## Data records

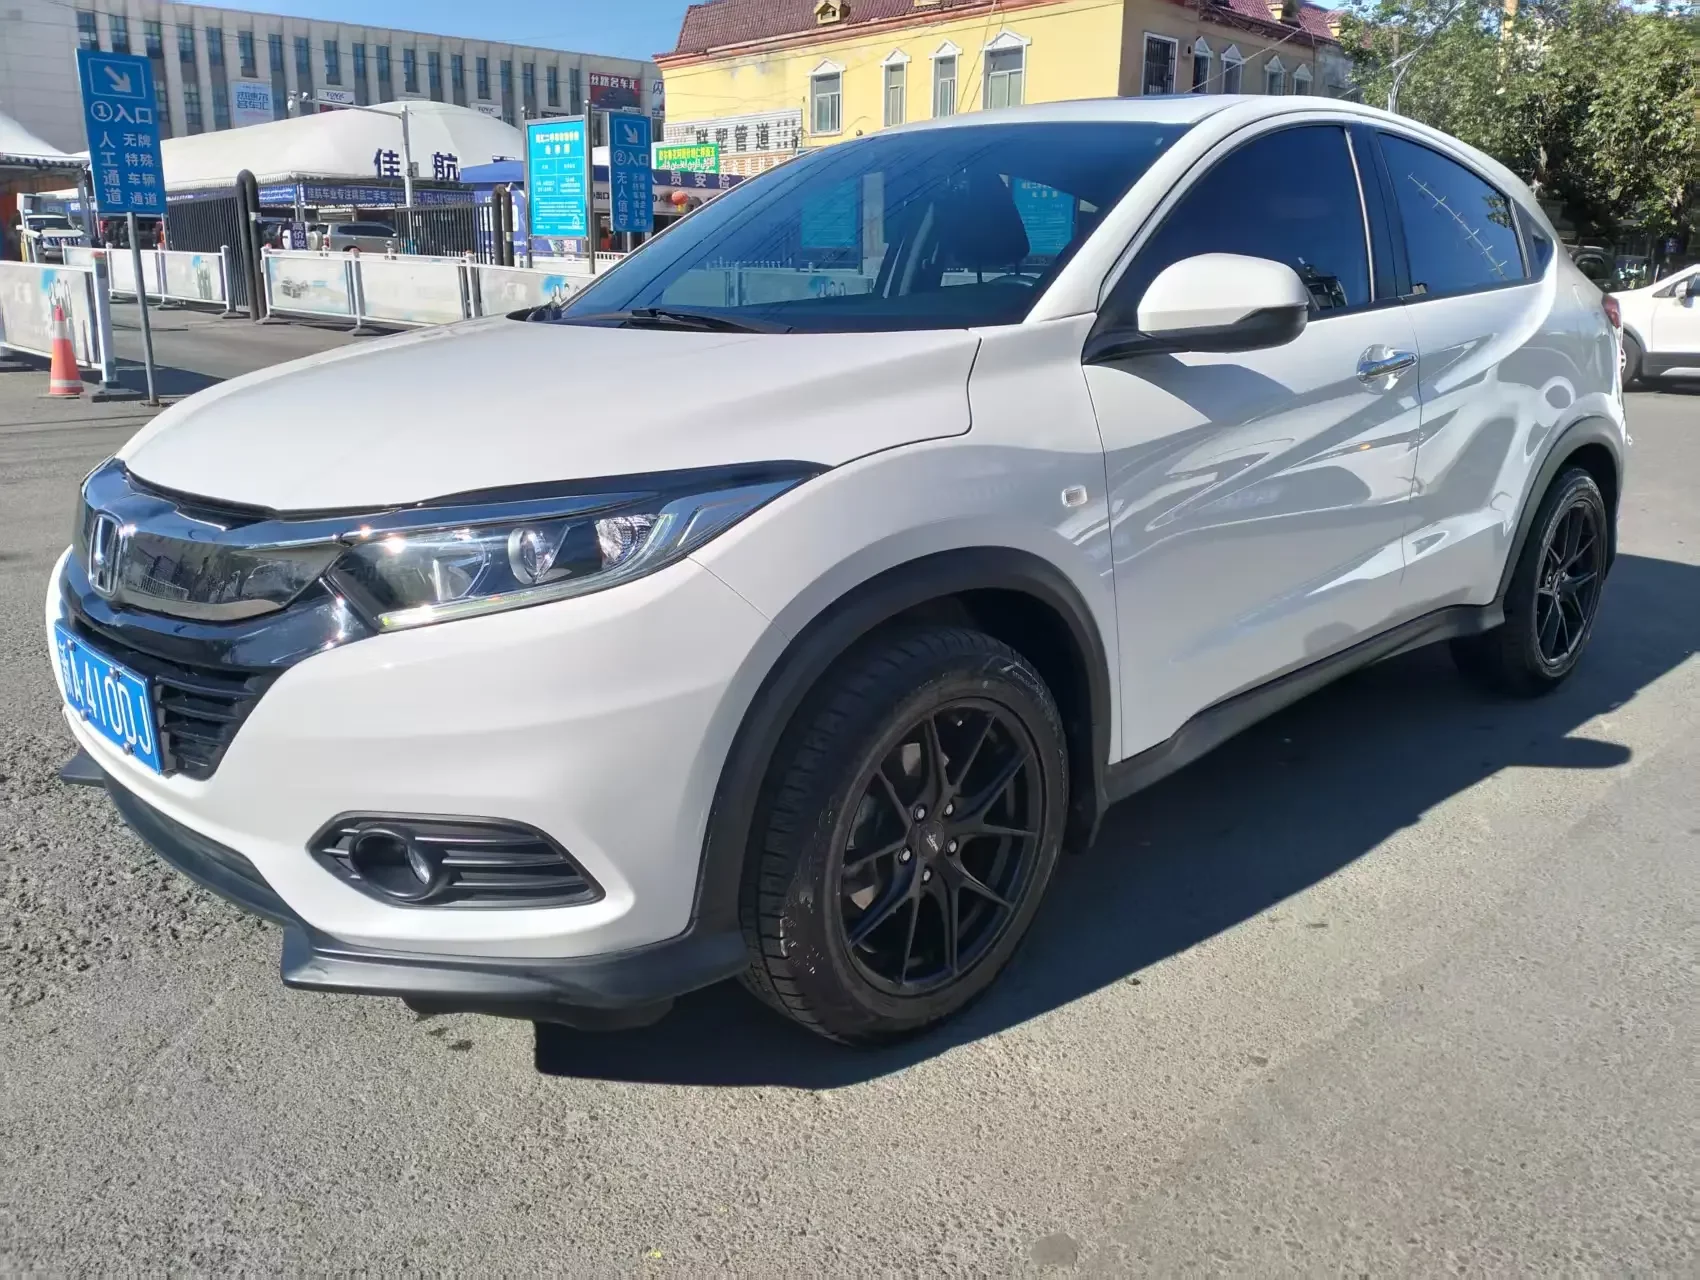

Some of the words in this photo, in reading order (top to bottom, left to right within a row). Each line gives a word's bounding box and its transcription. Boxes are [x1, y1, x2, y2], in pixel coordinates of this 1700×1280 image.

[123, 133, 151, 148] 无牌
[99, 131, 123, 205] 人工通道
[125, 153, 154, 168] 特殊
[128, 172, 156, 187] 车辆
[130, 192, 158, 206] 通道

## Exercise requirements
Repeat every line above exactly, minus the pictures.

## Reply to the exercise
Some of the words in this photo, in reading order (top to bottom, left to right within a row). Each line gives a word's bounding box and its transcription. Boxes are [x1, y1, x2, y2], in pixel coordinates of this 1700×1280 image.

[123, 133, 151, 148] 无牌
[99, 131, 123, 205] 人工通道
[125, 153, 154, 168] 特殊
[128, 172, 156, 187] 车辆
[130, 192, 158, 206] 通道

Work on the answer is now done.